(Task input begins)

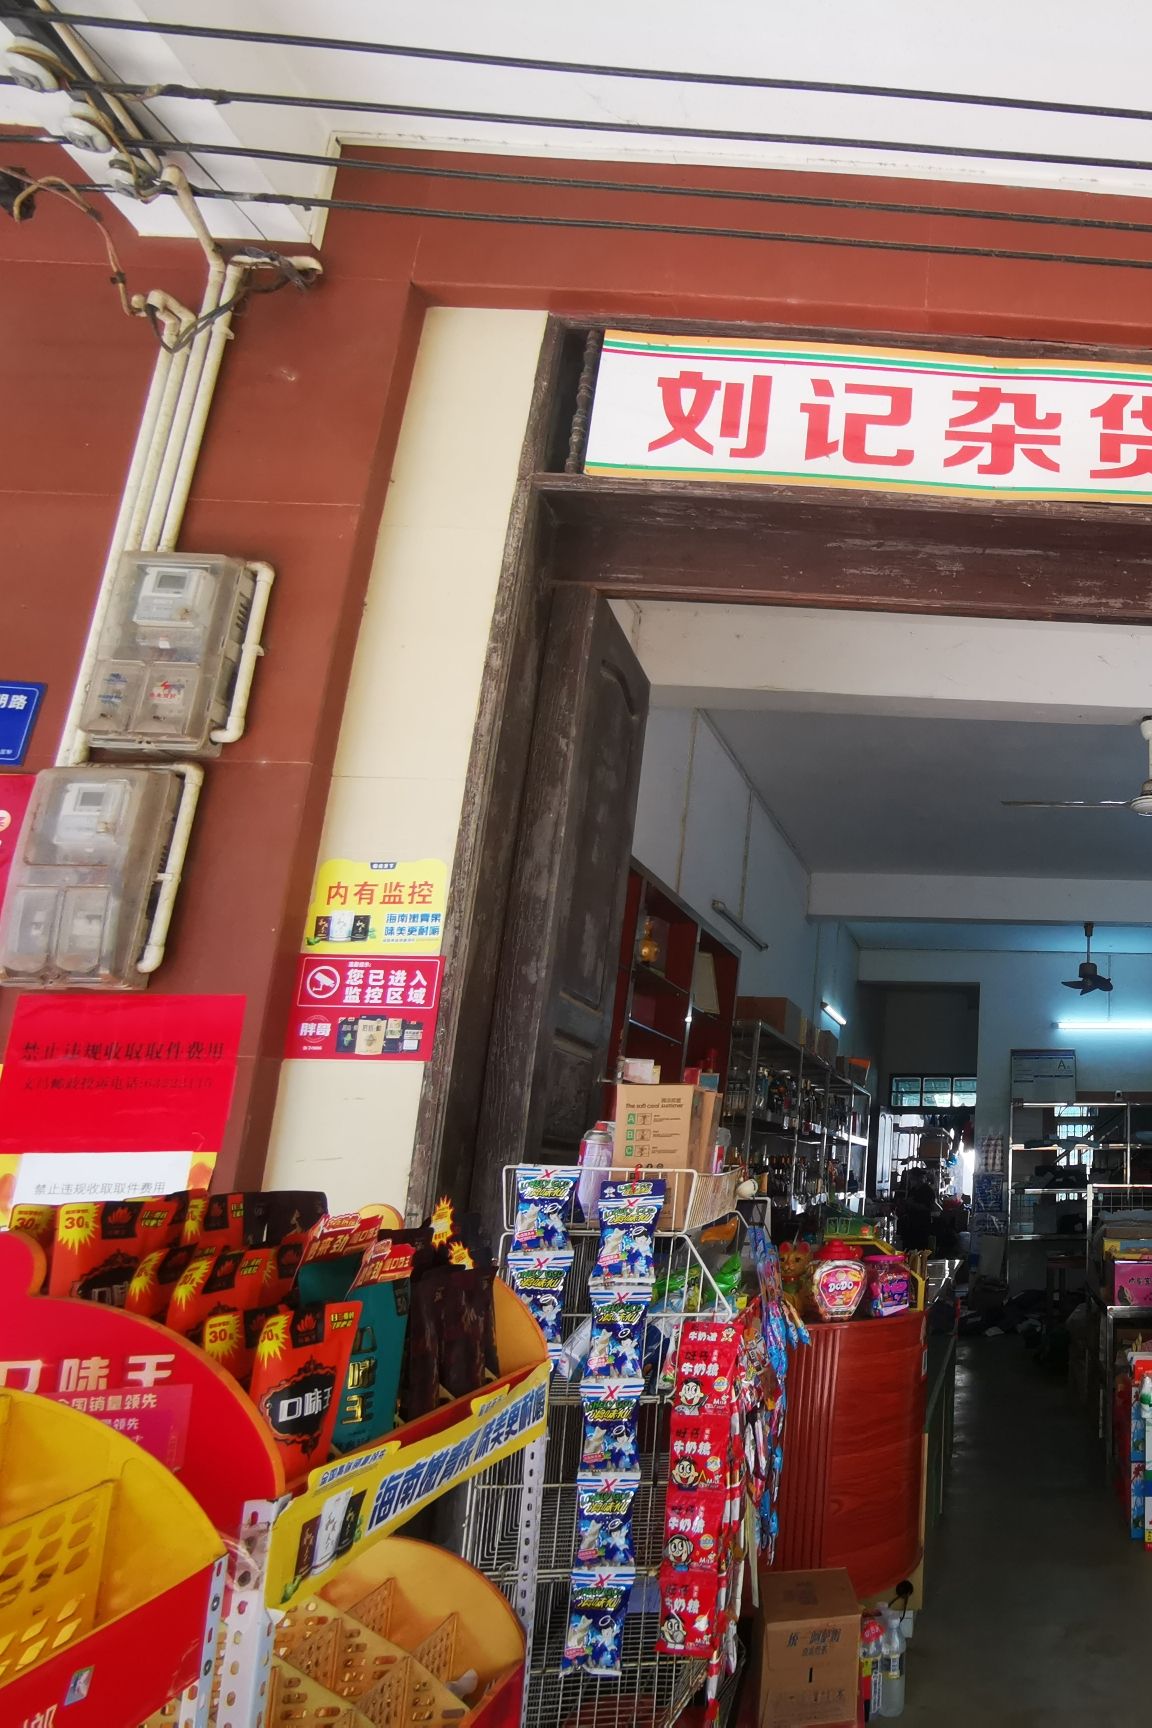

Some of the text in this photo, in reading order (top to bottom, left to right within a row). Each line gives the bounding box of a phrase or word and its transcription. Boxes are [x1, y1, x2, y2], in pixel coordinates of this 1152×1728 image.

[326, 881, 434, 905] 内有监控
[345, 969, 428, 986] 您已进入
[343, 986, 426, 1005] 监控区域
[299, 1022, 331, 1037] 胖哥
[21, 1041, 225, 1061] 禁止违规收取取件费用
[34, 1181, 166, 1196] 禁止违规收取取件费用
[681, 1362, 719, 1377] 牛奶糖
[278, 1386, 333, 1423] 口味王
[673, 1440, 712, 1456] 牛奶糖
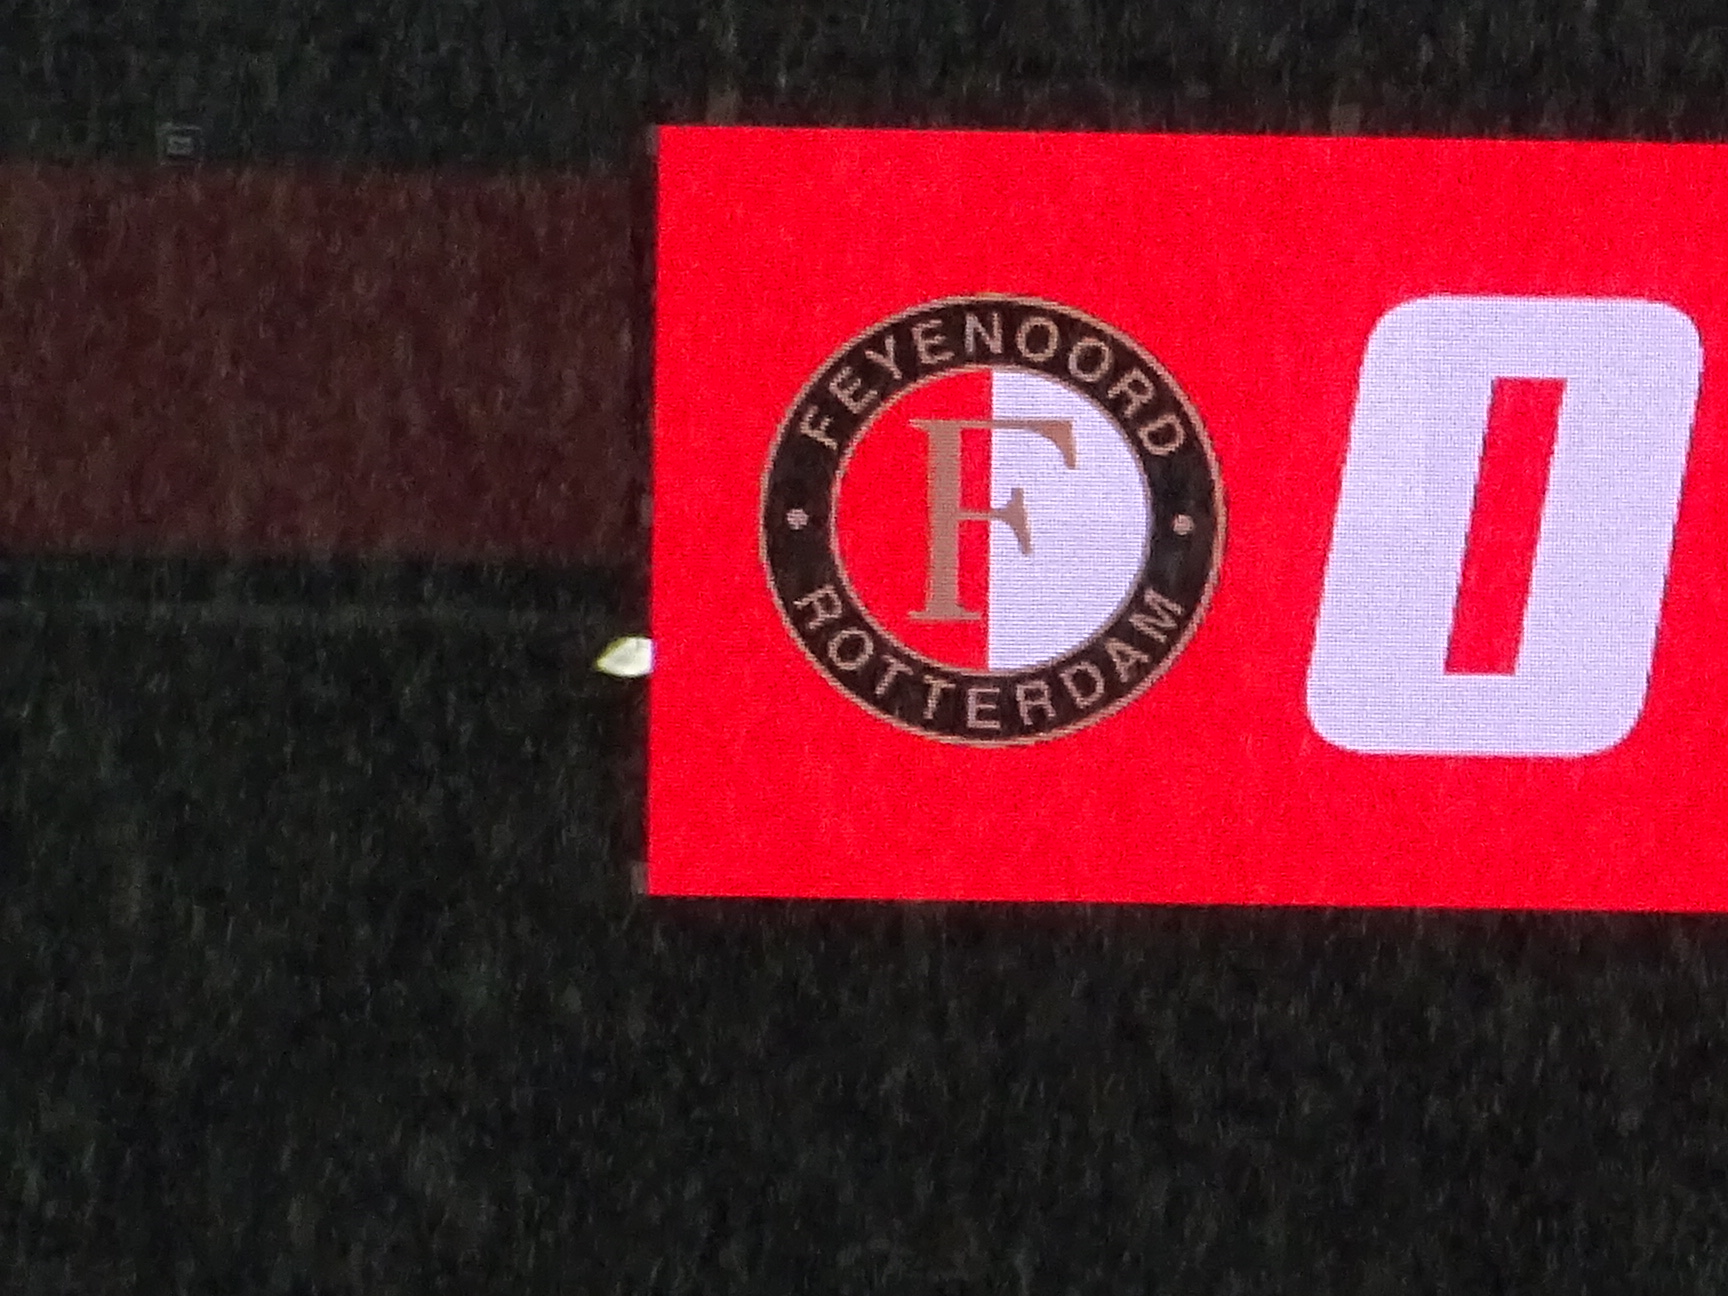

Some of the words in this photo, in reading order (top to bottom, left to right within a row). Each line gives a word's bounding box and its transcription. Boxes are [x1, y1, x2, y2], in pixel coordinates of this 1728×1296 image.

(Task input ends)

• Work instruction: Leave the pictures out and output all of the data verbatim.

• Answer section:
Some of the text in this photo, in reading order (top to bottom, left to right within a row). Each line gives the bounding box of a phrase or word and its transcription. Boxes are [x1, y1, x2, y2], in pixel coordinates of this 1152×1728 image.

[326, 881, 434, 905] 内有监控
[345, 969, 428, 986] 您已进入
[343, 986, 426, 1005] 监控区域
[299, 1022, 331, 1037] 胖哥
[21, 1041, 225, 1061] 禁止违规收取取件费用
[34, 1181, 166, 1196] 禁止违规收取取件费用
[681, 1362, 719, 1377] 牛奶糖
[278, 1386, 333, 1423] 口味王
[673, 1440, 712, 1456] 牛奶糖

Some of the words in this photo, in reading order (top to bottom, left to right within a row). Each line gives a word's bounding box and its transcription. Boxes are [x1, y1, x2, y2], in pixel coordinates of this 1728×1296 image.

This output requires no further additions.